Scientist Ndoni Mcunu plans on getting more women into the lab – and South Africa on the map.
Currently working towards her PhD on climate change and food production at Wits Global Change Institute, Ndoni’s concern about the lack of black women in science prompted her and a friend, Mantombi Ngoloyi (herself pursuing a PhD at Toulouse University), to establish the non-profit organisation Black Women in Science (BWIS) in 2016 in partnership with the Department of Science and Technology.

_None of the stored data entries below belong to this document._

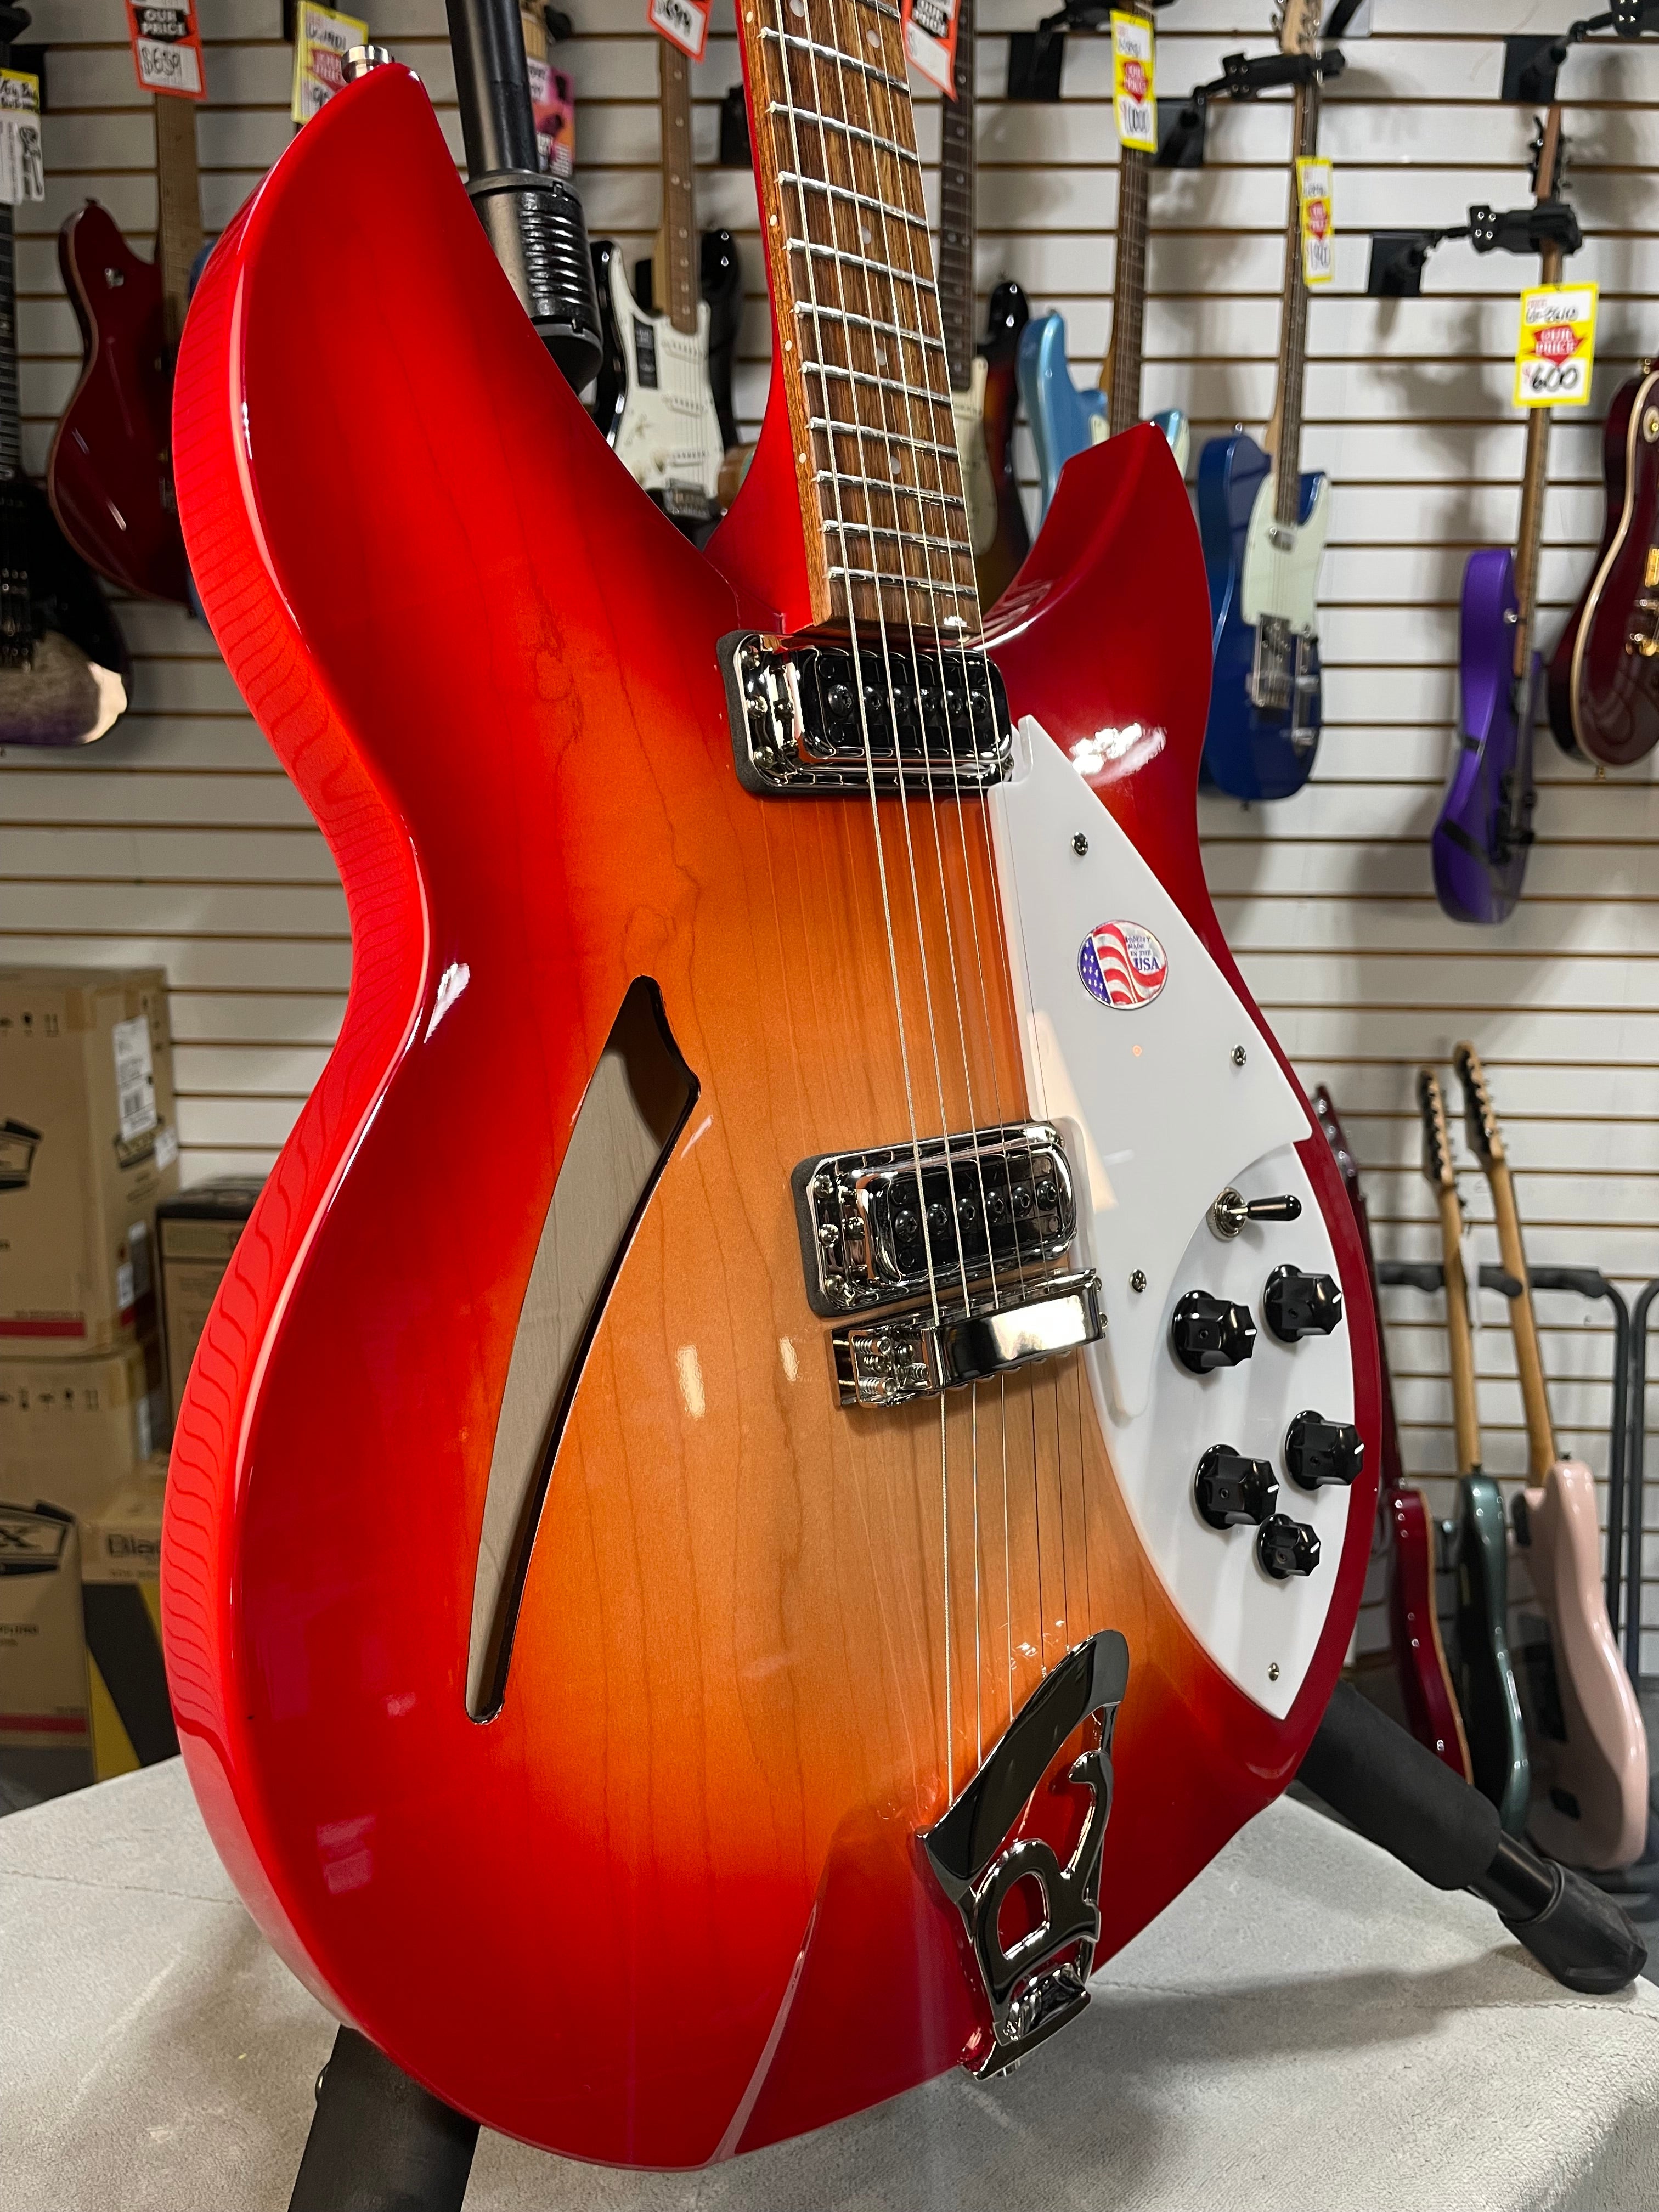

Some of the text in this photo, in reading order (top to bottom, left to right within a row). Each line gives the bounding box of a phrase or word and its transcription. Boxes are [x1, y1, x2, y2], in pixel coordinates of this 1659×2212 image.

[143, 8, 178, 22] OUR
[140, 22, 187, 36] PRICE
[1541, 327, 1573, 342] OUR
[1536, 340, 1577, 356] PRICE
[1133, 957, 1161, 970] USA
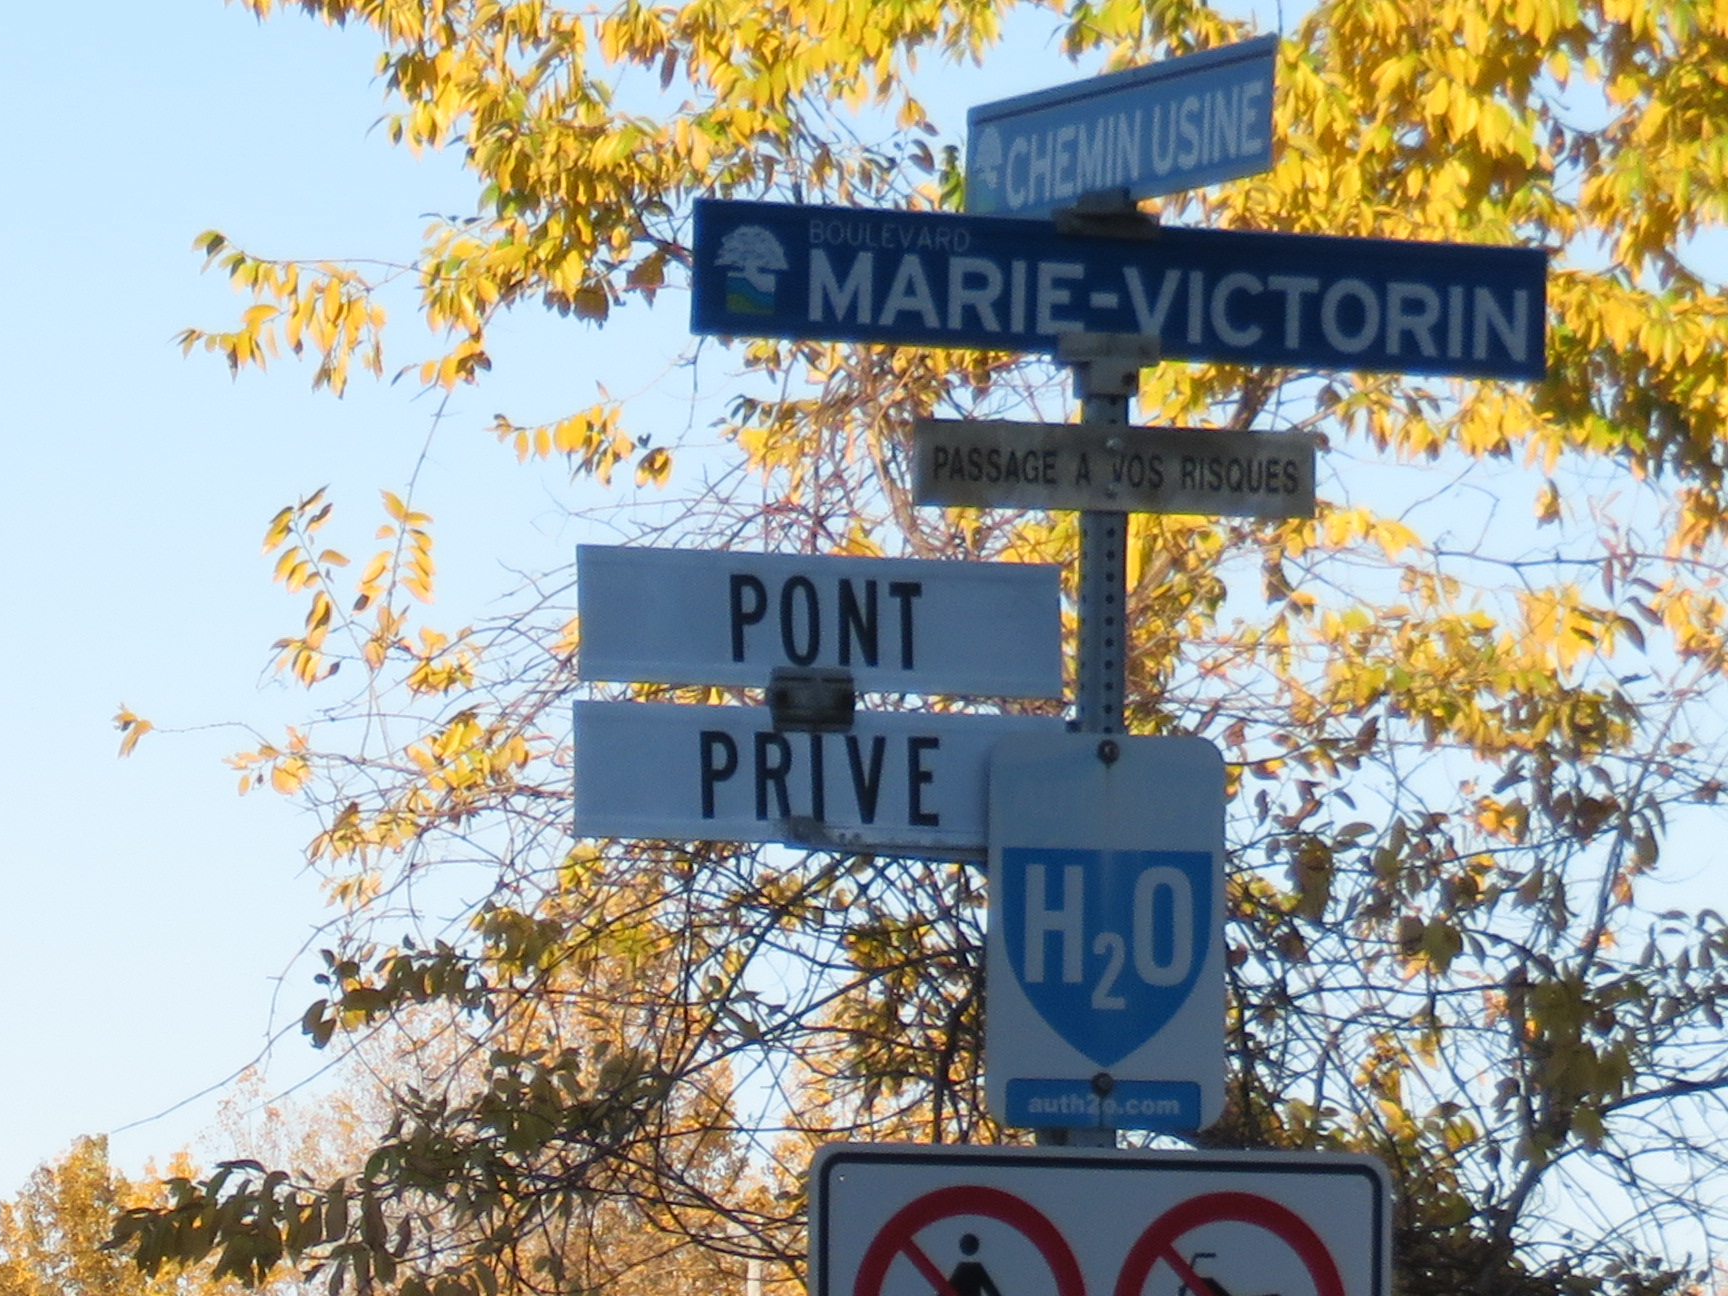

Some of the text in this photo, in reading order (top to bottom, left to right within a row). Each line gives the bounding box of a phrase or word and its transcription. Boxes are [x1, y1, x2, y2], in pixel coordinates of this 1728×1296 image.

[1005, 80, 1265, 210] CHEMIN USINE
[809, 219, 971, 253] BOULEVARD
[807, 247, 1532, 363] MARIE-VICTORIN
[933, 447, 1058, 485] PASSAGE
[1112, 454, 1165, 489] VOS
[1180, 455, 1300, 495] RISQUES
[729, 573, 924, 672] PONT
[700, 729, 942, 828] PRIVE
[1023, 863, 1194, 1011] H2O
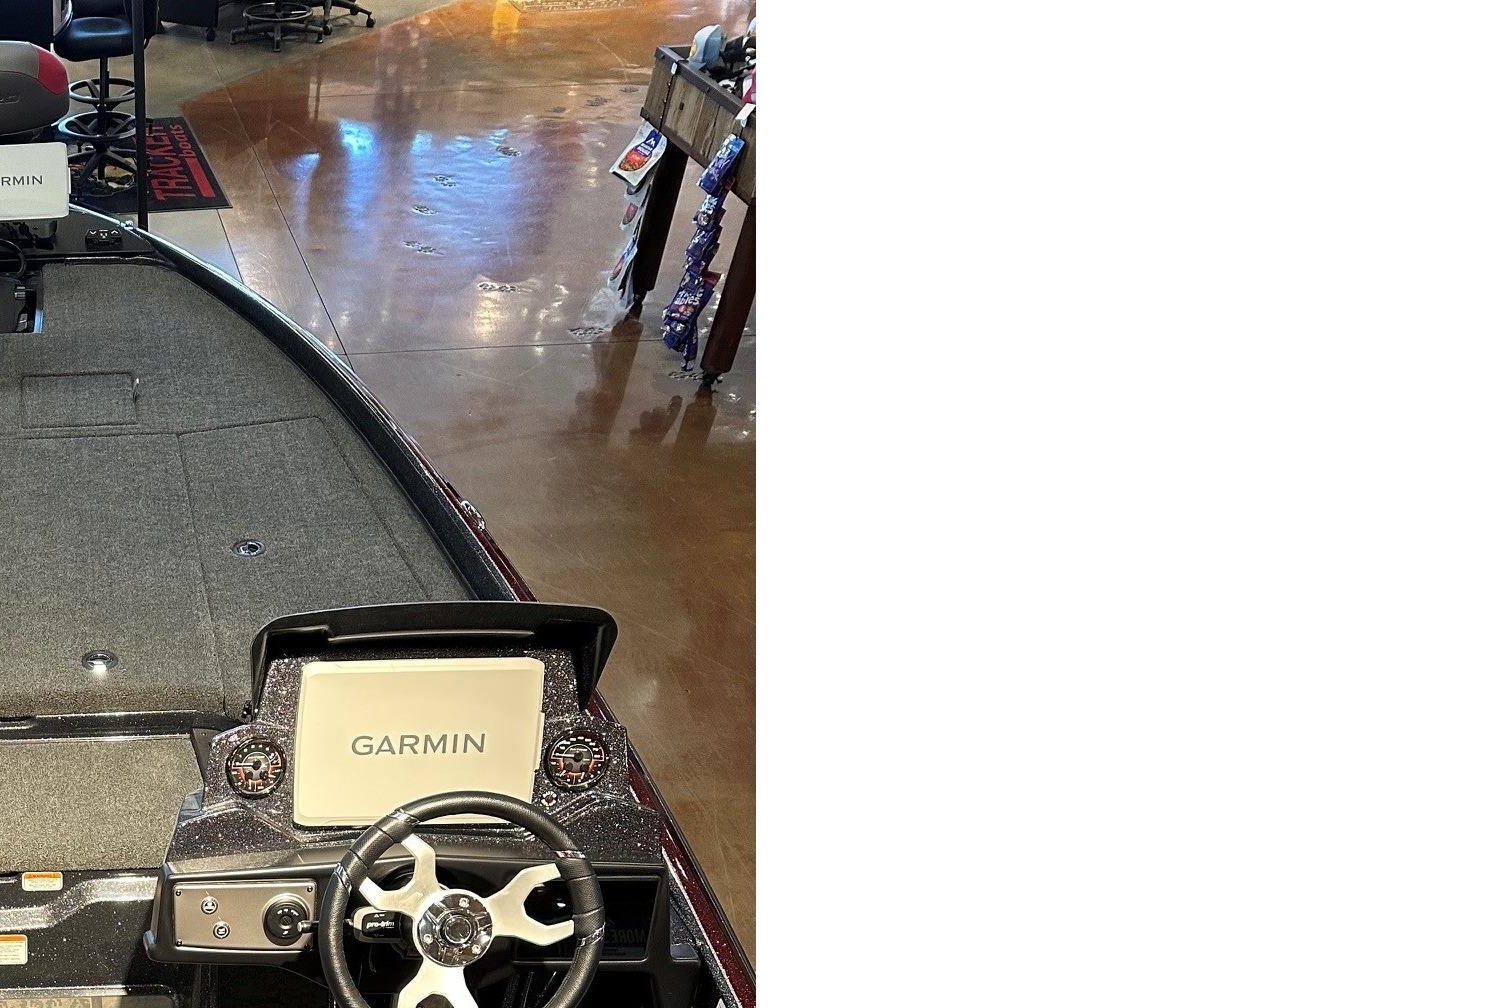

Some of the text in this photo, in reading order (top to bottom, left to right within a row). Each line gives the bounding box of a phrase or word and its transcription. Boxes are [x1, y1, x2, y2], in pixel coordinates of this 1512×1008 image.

[169, 123, 198, 159] boats
[350, 732, 487, 756] GARMIN
[366, 920, 395, 929] pro-trim

‘I had the advantage of having strong role models and extra lessons,’ Ndoni says. ‘But what if you don’t have that? My parents introduced me to things many people wouldn’t have been exposed to at that age.’
Ndoni’s family has a strong bent towards the sciences: her father is a computer scientist and her mother, now a campus manager, was a teacher; her uncle is a medical doctor, her aunt a mathematical scientist and her grandfather had a Bachelor’s degree in science. The only girl in her nuclear family, encouragement also came from her brothers.
‘They tried to instill in me that I could do anything I wanted to, on my own. They’d always tell me, “It’s not a man’s world – it’s YOUR world. You can actually make a change.”’
Interestingly, says Ndoni, she still struggled with maths and science in high school.
‘I managed because I had extra tuition, but that requires money and support. That’s why I believe so strongly in becoming a support system for people who don’t have one. I have the capacity to give back.’